As we all know, lactide has an enantiomeric structure. Both enantiomeric polymers have good biocompatibility, and there is a stereoscopic compound effect relationship between poly-d-lactide (PDLA) and poly-l-lactide (PLLA). Based on the above effects, the PEG-b-PLA three-dimensional composite micelles have a denser structure and stronger stability than PEG-b-PDLA and PEG-b-PLLA micelles. In addition, compared with linear copolymer micelles, star-shaped copolymer micelles exhibit special thermal properties, with lower viscosity, lower critical micelle concentration, smaller hydrodynamic diameter, and more stable structure, and has received widespread attention from the scientific community and industry.

4-arm PEG-b-PLA Construction and Characteristics

Based on the above background and previous work, the researchers synthesized two kinds of 4-arm PEG-b-PLA enantiomeric copolymers, and used nanoprecipitation method to prepare 4-arm PEG-b-PDLA micelles (PDM) and 4-arm PEG-b-PLLA micelles (PLM) and 4-arm PEG-b-PDLA/4-armed PEG-b-PLLA stereocomplex micelles (SCM) were used to examine the effect of stereocomplexation on micelle properties, and The drug loading, controlled release and cell proliferation inhibition properties of 4-arm PEG-b-PLA micelles were studied.

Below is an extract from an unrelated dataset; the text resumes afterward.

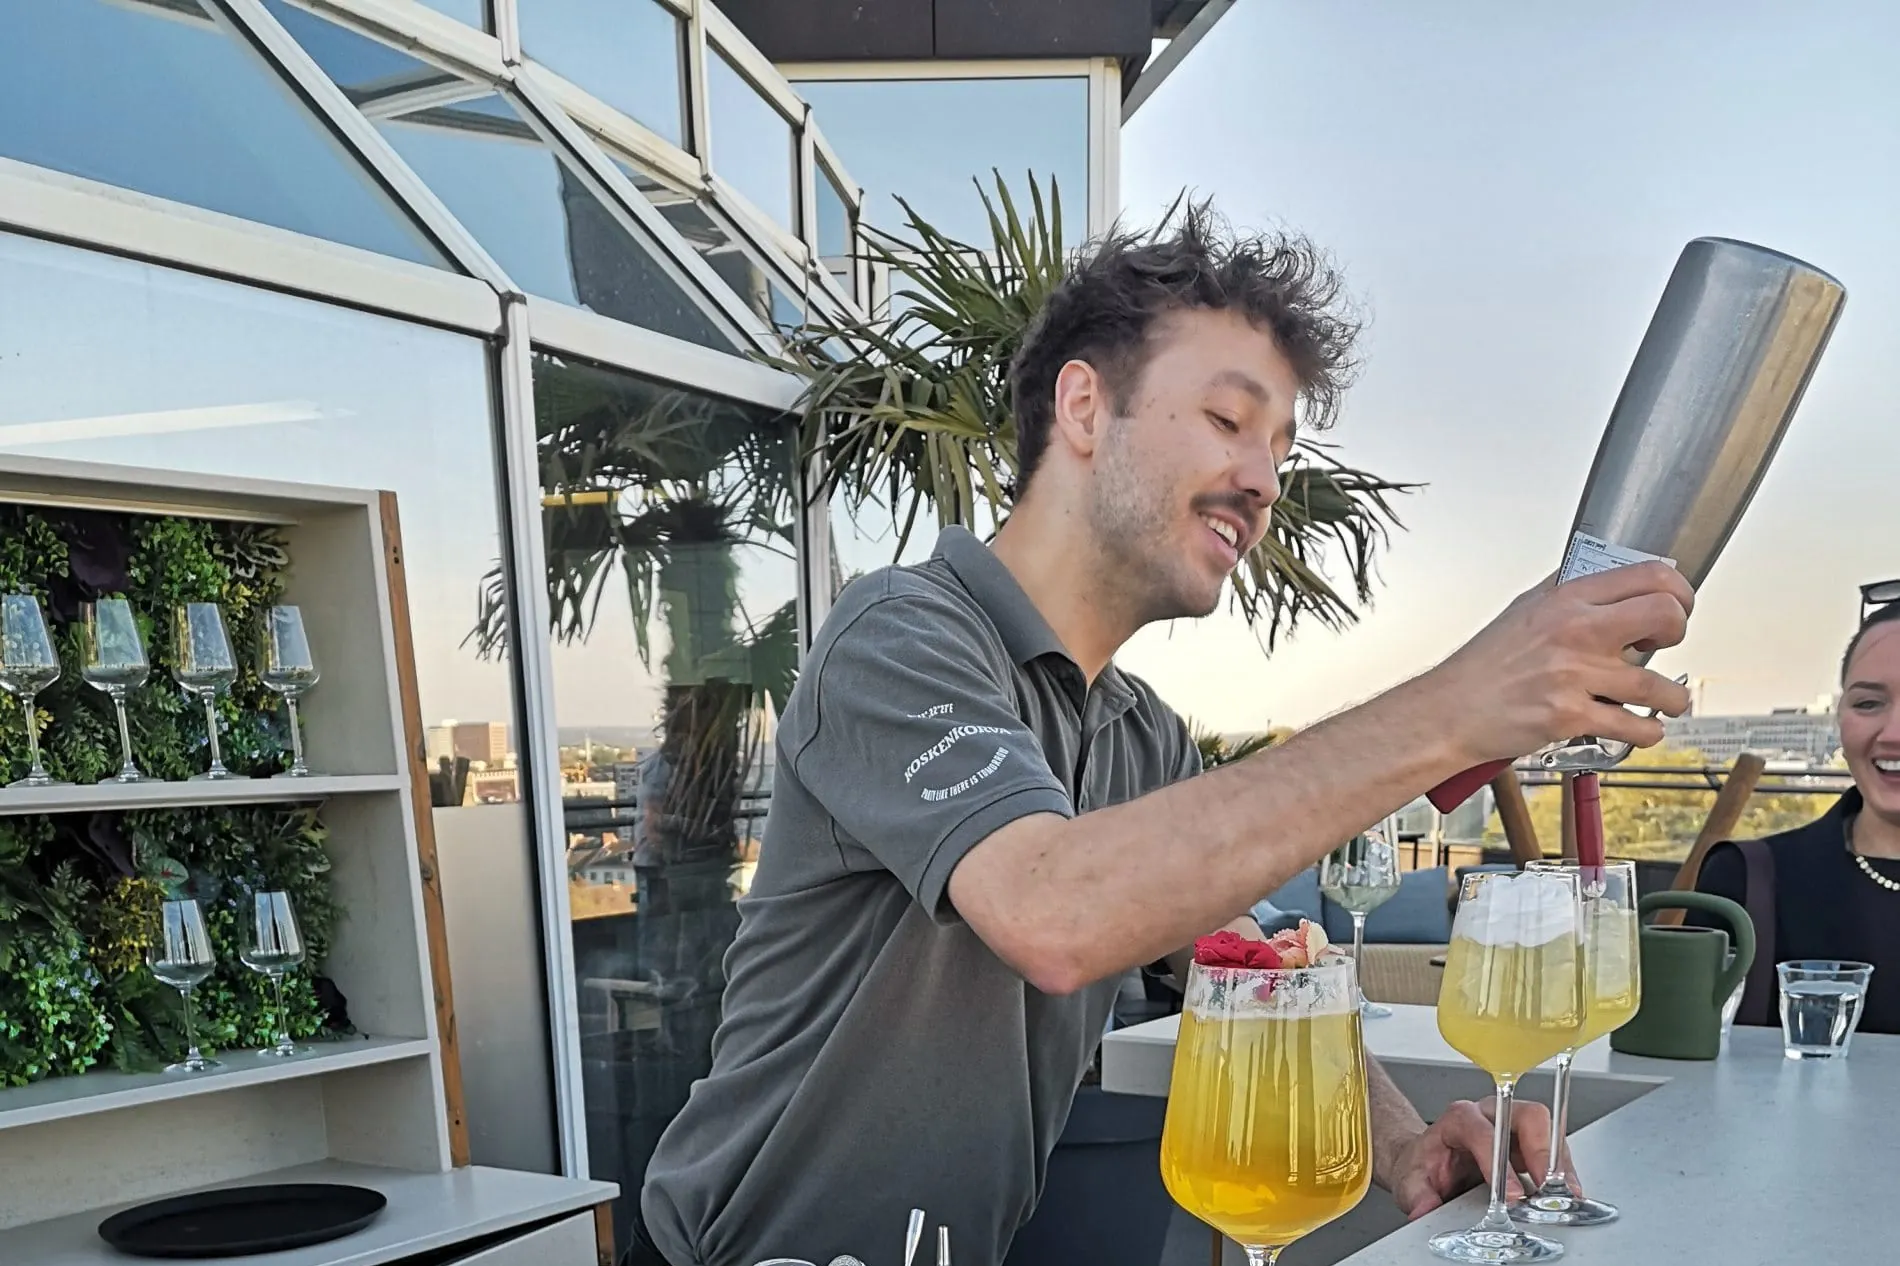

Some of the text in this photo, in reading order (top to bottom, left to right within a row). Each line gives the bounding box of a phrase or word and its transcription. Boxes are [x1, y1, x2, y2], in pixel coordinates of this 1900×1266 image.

In this study, researchers used Sn(Oct)₂ as a catalyst to prepare 4-arm PEG-PLA enantiomeric copolymers through 4-arm PEG-initiated ring-opening polymerization of DLA or LLA. The synthesized copolymer can self-assemble into spherical micelles in an aqueous environment and is used to load the model anti-tumor drug DOX. Compared with single micelles, SCM has a denser structure, smaller particle size and higher drug loading efficiency. SCM/DOX is more stable, has slower DOX release, and can effectively slow down the burst release of PDM/DOX and PLM/DOX. Drug-loaded 4-arm PEG-PLA micelles, especially SCM/DOX, have good proliferation inhibitory effects on HepG2 cells and exhibit excellent long-lasting inhibition. In addition, the study found that compared with DOX, drug-loaded micelles have less toxicity to L929 cells, thus proving its possibility of reducing the toxicity of anti-tumor drugs to normal tissues and cells. In addition, the researchers shows that there is room for further development, including the introduction of active targeting groups to improve its endocytosis, the introduction of intracellular environment-responsive linking bonds between the PEG and PLA blocks to give it the function of intracellular targeted release and carry out end group modification to improve its DLC and DLE, etc. Therefore, 4-arm PEG-PLA three-dimensional composite micelles can be used as a potential in vivo drug delivery carrier for malignant tumor chemotherapy, and have great room for further optimization.

References

1. Afsharzadeh M, et al.; PEG-PLA nanoparticles decorated with small-molecule PSMA ligand for targeted delivery of galbanic acid and docetaxel to prostate cancer cells. J Cell Physiol. 2020, 235(5):4618-4630.
2. Xiao RZ, et al.; Recent advances in PEG-PLA block copolymer nanoparticles. Int J Nanomedicine. 2010, 5:1057-65.
3. Ghasemi R, et al.; mPEG-PLA and PLA-PEG-PLA nanoparticles as new carriers for delivery of recombinant human Growth Hormone (rhGH). Sci Rep. 2018, 8(1):9854.